Each entry below must be repeated exactly. Leave the pictures out of it.

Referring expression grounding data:
%%

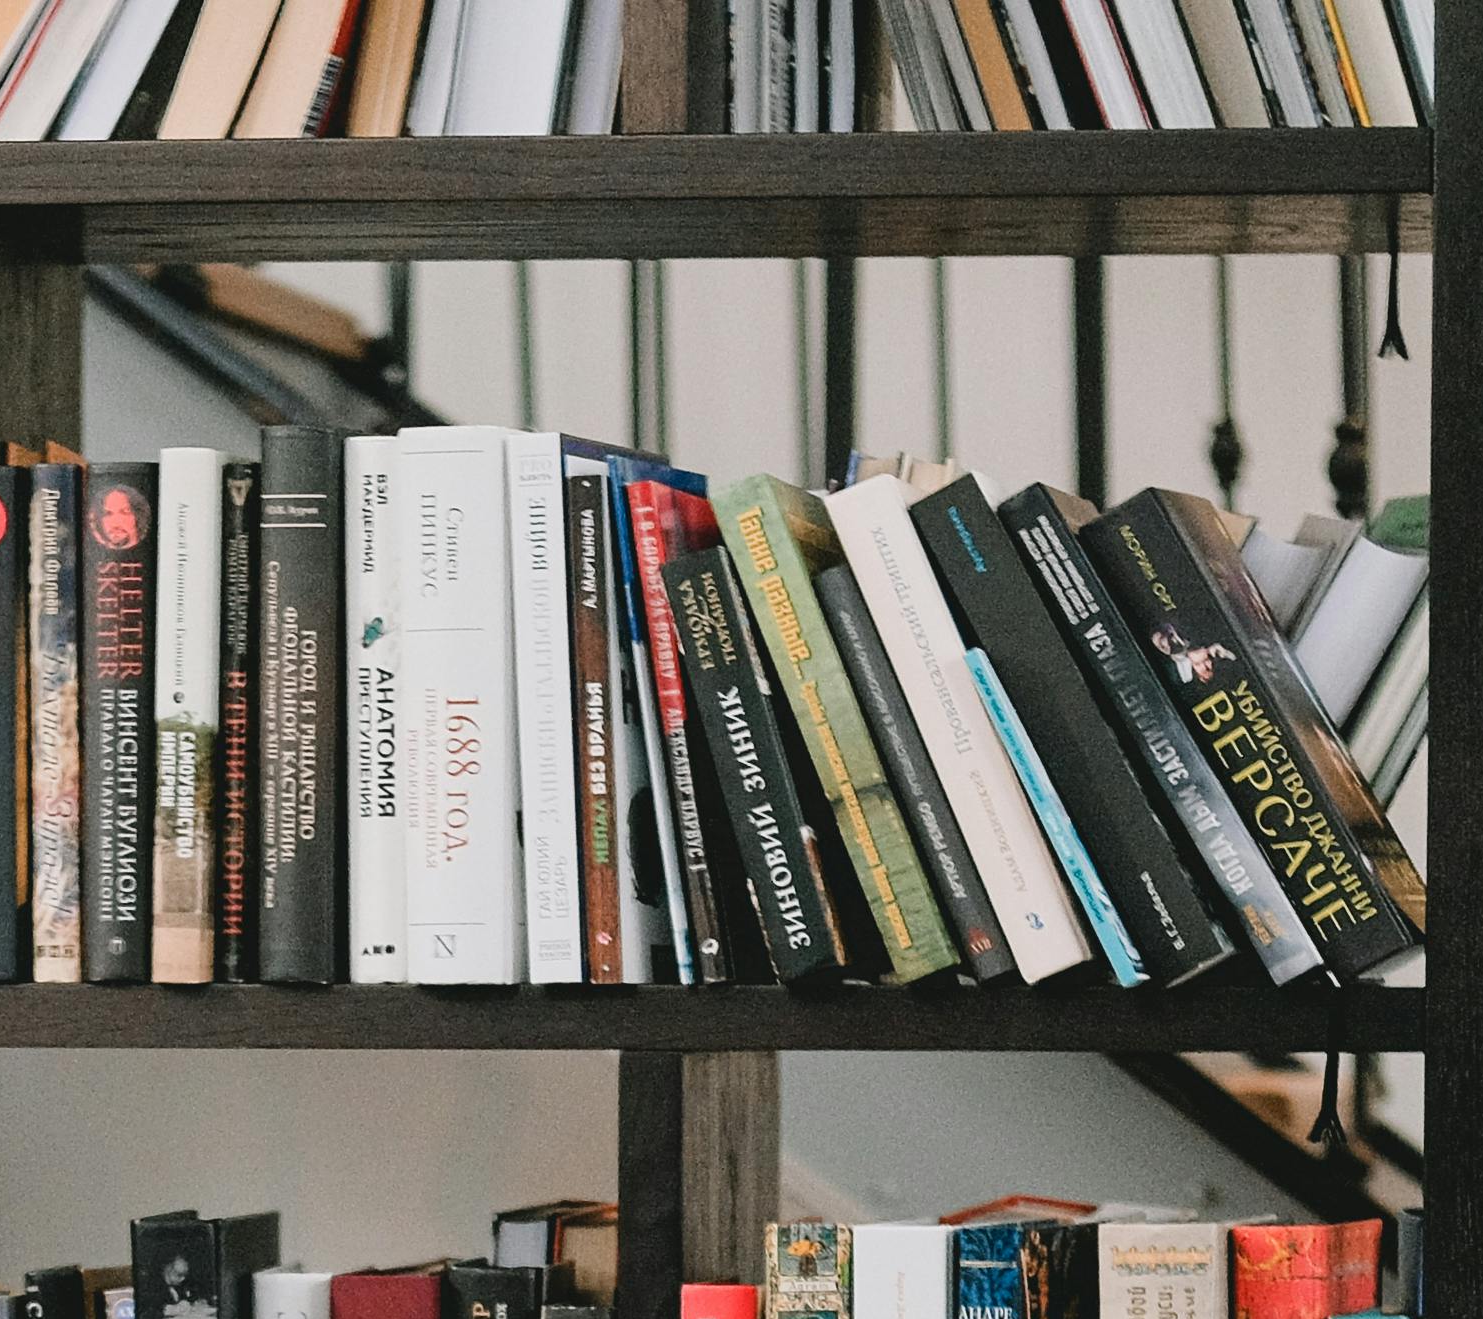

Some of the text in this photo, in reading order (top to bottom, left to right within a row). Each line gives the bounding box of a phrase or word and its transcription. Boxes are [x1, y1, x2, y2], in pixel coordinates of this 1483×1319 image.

[361, 474, 374, 573] МАКДЕРМИД
[376, 474, 387, 506] ВЭЛ
[420, 494, 436, 597] ПИНКУС
[444, 507, 464, 581] Стивен
[736, 505, 782, 575] Такие
[98, 561, 119, 679] SKELTER
[120, 562, 142, 679] HELTER
[1117, 522, 1177, 615] МОРИН ОРТ
[280, 606, 299, 739] ФЕОДАЛЬНОЙ
[868, 523, 976, 756] Провансальский триптих
[161, 731, 176, 807] ИМПЕРИИ
[176, 731, 196, 858] САМОУБИЙСТВО
[297, 629, 316, 839] ГОРОД И РЫЦАРСТВО
[358, 666, 372, 818] ПРЕСТУПЛЕНИЯ
[376, 666, 395, 818] АНАТОМИЯ
[445, 696, 480, 777] 1688
[584, 682, 609, 863] НЕПАЛ БЕЗ ВРАНЬЯ
[663, 706, 695, 796] АЛЕКСАНДР
[1081, 619, 1255, 897] КОГДА ДЫМ ЗАСТИЛАЕТ ГЛАЗА
[116, 690, 137, 922] ВИНСЕНТ БУГЛИОЗИ
[223, 670, 248, 934] В ТЕНИ ИСТОРИИ
[716, 684, 812, 952] ЗИНОВИЙ ЗИНИК
[915, 798, 967, 900] АРТЮР РЕМБО
[1190, 686, 1359, 945] ВЕРСАЧЕ
[1227, 674, 1319, 813] УБИЙСТВО
[1298, 806, 1379, 926] ДЖАННИ
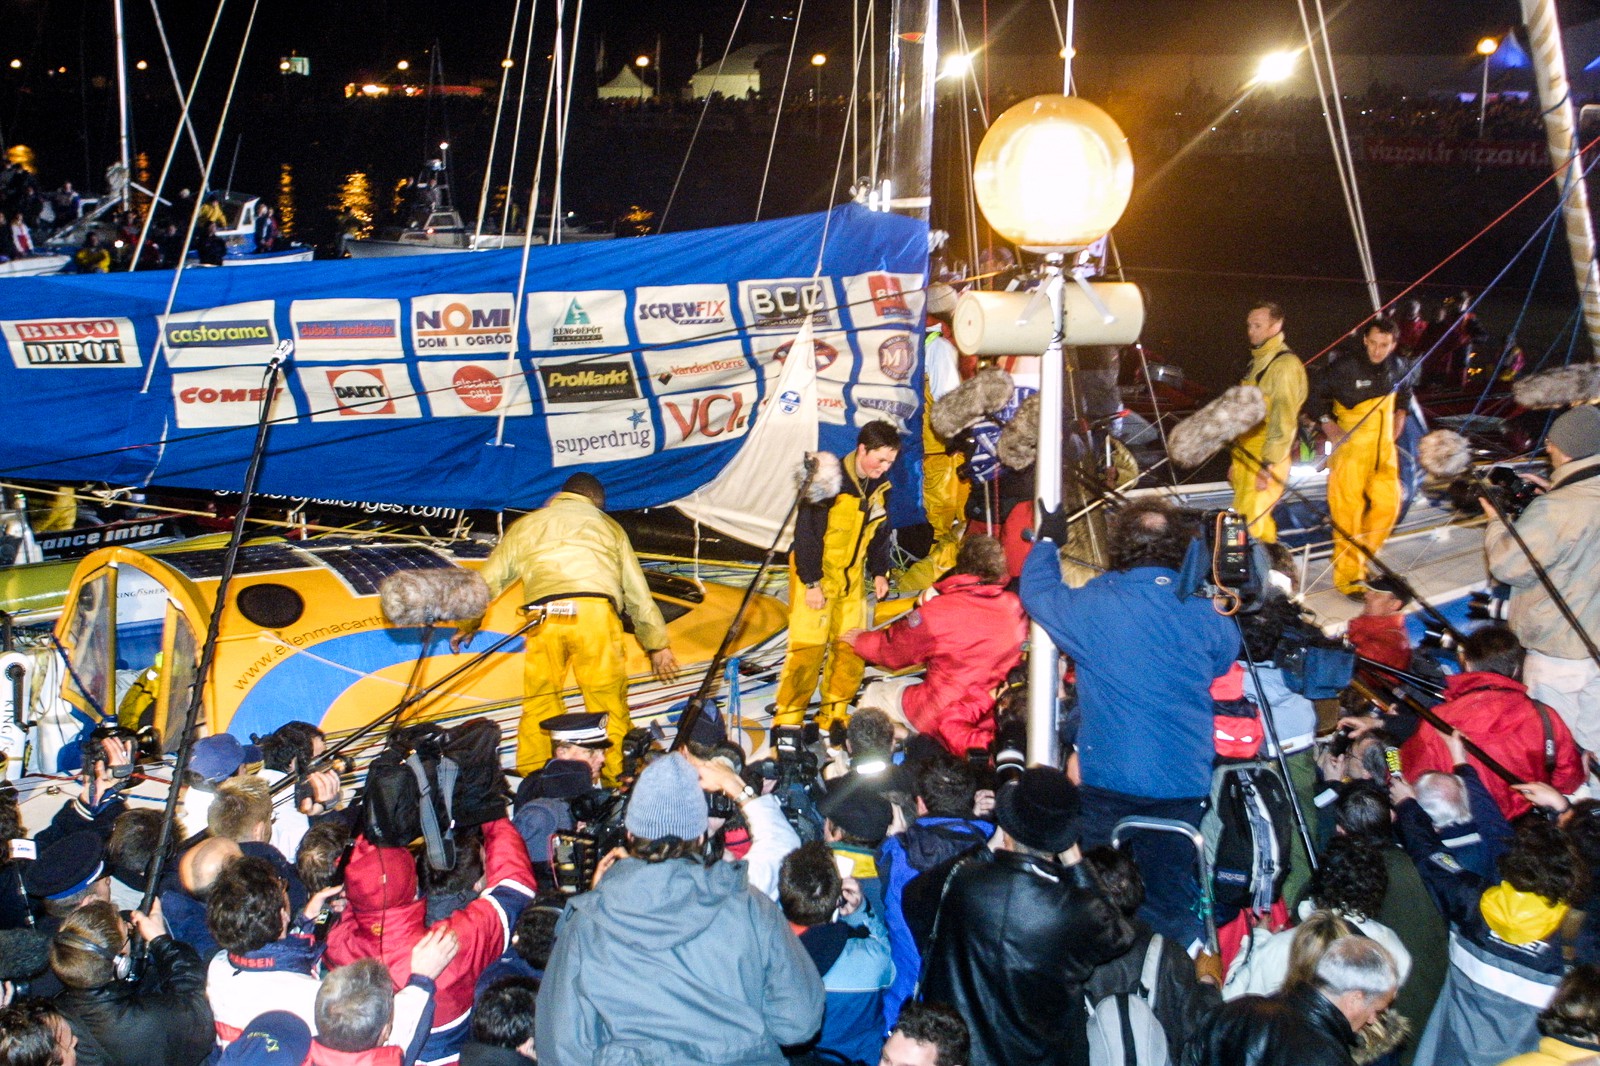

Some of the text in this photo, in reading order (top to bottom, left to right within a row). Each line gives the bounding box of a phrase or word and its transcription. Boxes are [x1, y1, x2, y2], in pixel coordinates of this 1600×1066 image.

[751, 284, 825, 313] BCC
[416, 302, 511, 332] NOMI
[639, 300, 726, 324] SCREWFIX
[19, 322, 115, 339] BRICO
[169, 325, 268, 343] castorama
[418, 332, 512, 348] DOM I OGRÓD
[549, 369, 629, 388] ProMarkt
[180, 387, 284, 403] COMET
[334, 385, 384, 398] DARTY
[555, 429, 651, 456] superdrug
[104, 523, 164, 542] inter
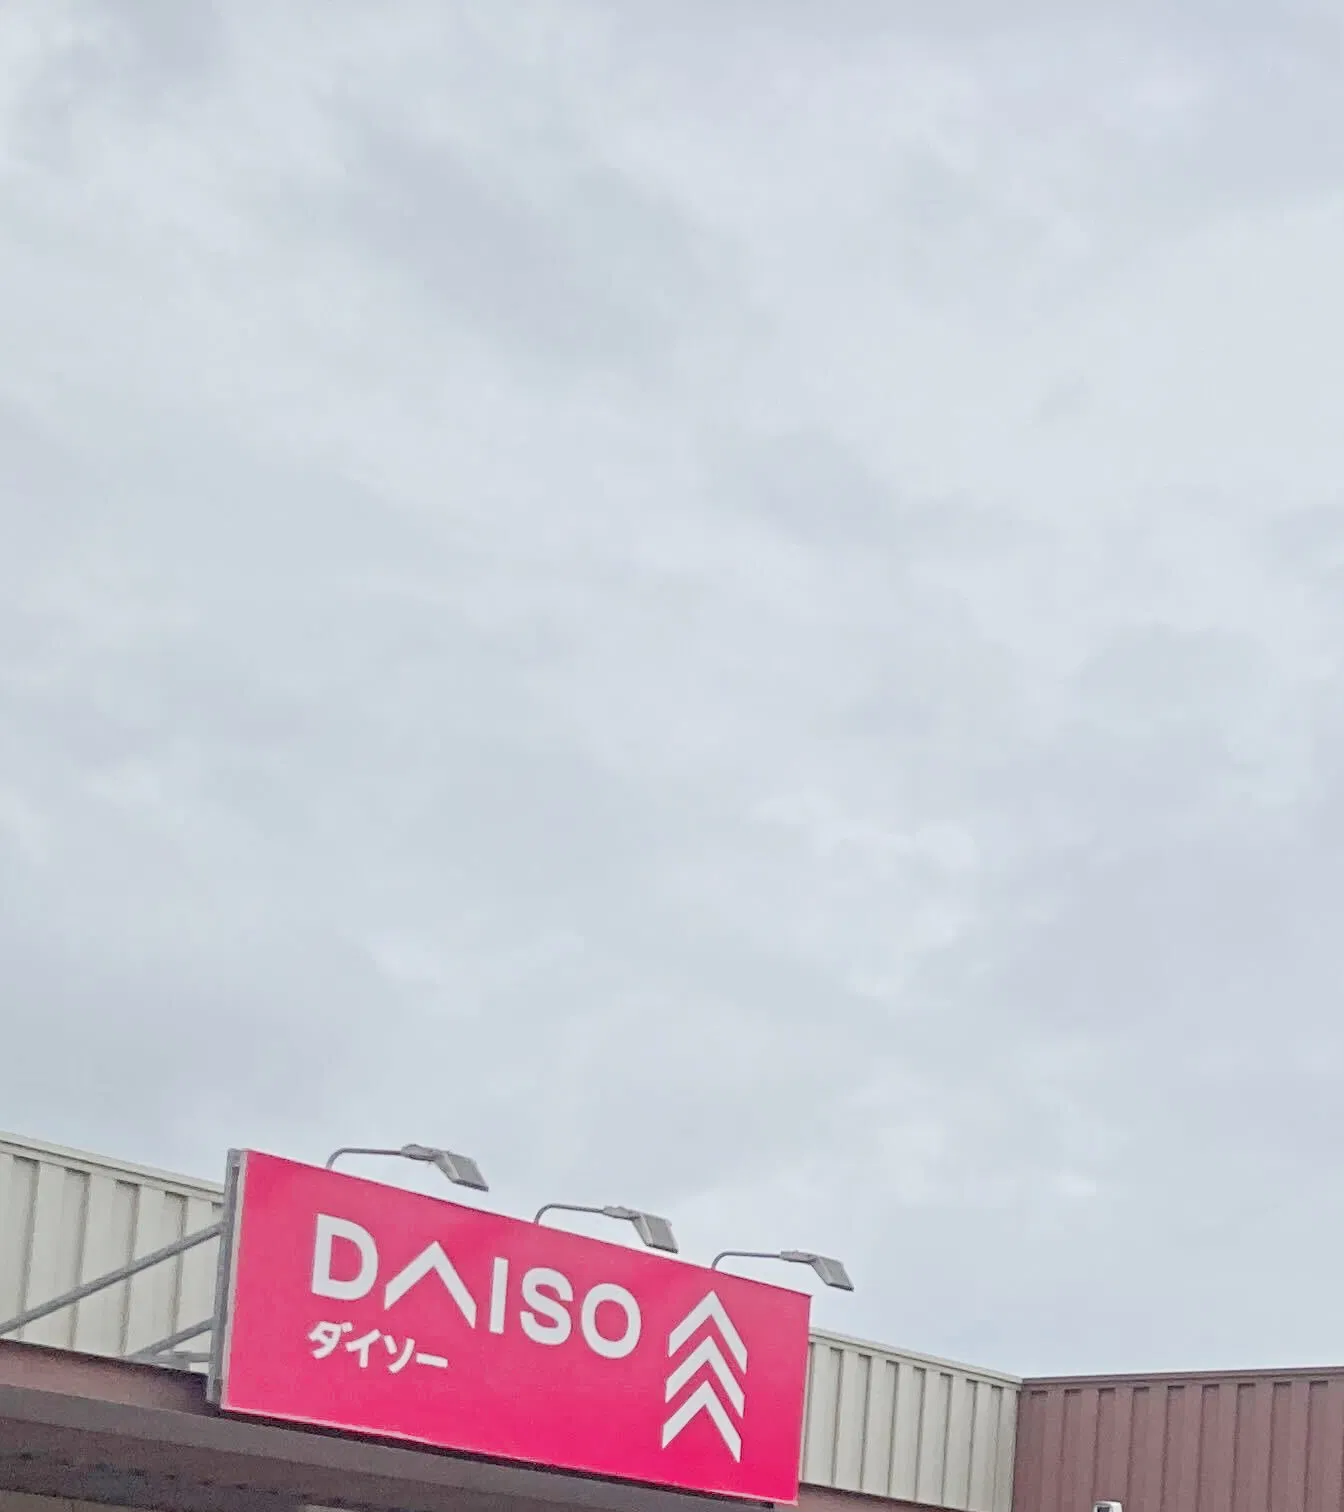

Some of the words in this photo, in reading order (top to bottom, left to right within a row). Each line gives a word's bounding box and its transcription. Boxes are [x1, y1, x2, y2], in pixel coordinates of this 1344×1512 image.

[311, 1212, 642, 1359] DAISO
[308, 1320, 449, 1374] ダイソー

%%

-- EXERCISE RESPONSE --
Some of the text in this photo, in reading order (top to bottom, left to right within a row). Each line gives the bounding box of a phrase or word and its transcription. Boxes are [x1, y1, x2, y2], in pixel coordinates of this 1483×1319 image.

[361, 474, 374, 573] МАКДЕРМИД
[376, 474, 387, 506] ВЭЛ
[420, 494, 436, 597] ПИНКУС
[444, 507, 464, 581] Стивен
[736, 505, 782, 575] Такие
[98, 561, 119, 679] SKELTER
[120, 562, 142, 679] HELTER
[1117, 522, 1177, 615] МОРИН ОРТ
[280, 606, 299, 739] ФЕОДАЛЬНОЙ
[868, 523, 976, 756] Провансальский триптих
[161, 731, 176, 807] ИМПЕРИИ
[176, 731, 196, 858] САМОУБИЙСТВО
[297, 629, 316, 839] ГОРОД И РЫЦАРСТВО
[358, 666, 372, 818] ПРЕСТУПЛЕНИЯ
[376, 666, 395, 818] АНАТОМИЯ
[445, 696, 480, 777] 1688
[584, 682, 609, 863] НЕПАЛ БЕЗ ВРАНЬЯ
[663, 706, 695, 796] АЛЕКСАНДР
[1081, 619, 1255, 897] КОГДА ДЫМ ЗАСТИЛАЕТ ГЛАЗА
[116, 690, 137, 922] ВИНСЕНТ БУГЛИОЗИ
[223, 670, 248, 934] В ТЕНИ ИСТОРИИ
[716, 684, 812, 952] ЗИНОВИЙ ЗИНИК
[915, 798, 967, 900] АРТЮР РЕМБО
[1190, 686, 1359, 945] ВЕРСАЧЕ
[1227, 674, 1319, 813] УБИЙСТВО
[1298, 806, 1379, 926] ДЖАННИ

Some of the text in this photo, in reading order (top to bottom, left to right within a row). Each line gives the bounding box of a phrase or word and its transcription. Boxes are [x1, y1, x2, y2], in pixel coordinates of this 1600×1066 image.

[751, 284, 825, 313] BCC
[416, 302, 511, 332] NOMI
[639, 300, 726, 324] SCREWFIX
[19, 322, 115, 339] BRICO
[169, 325, 268, 343] castorama
[418, 332, 512, 348] DOM I OGRÓD
[549, 369, 629, 388] ProMarkt
[180, 387, 284, 403] COMET
[334, 385, 384, 398] DARTY
[555, 429, 651, 456] superdrug
[104, 523, 164, 542] inter

Some of the words in this photo, in reading order (top to bottom, left to right within a row). Each line gives a word's bounding box and its transcription. Boxes are [x1, y1, x2, y2], in pixel coordinates of this 1344×1512 image.

[311, 1212, 642, 1359] DAISO
[308, 1320, 449, 1374] ダイソー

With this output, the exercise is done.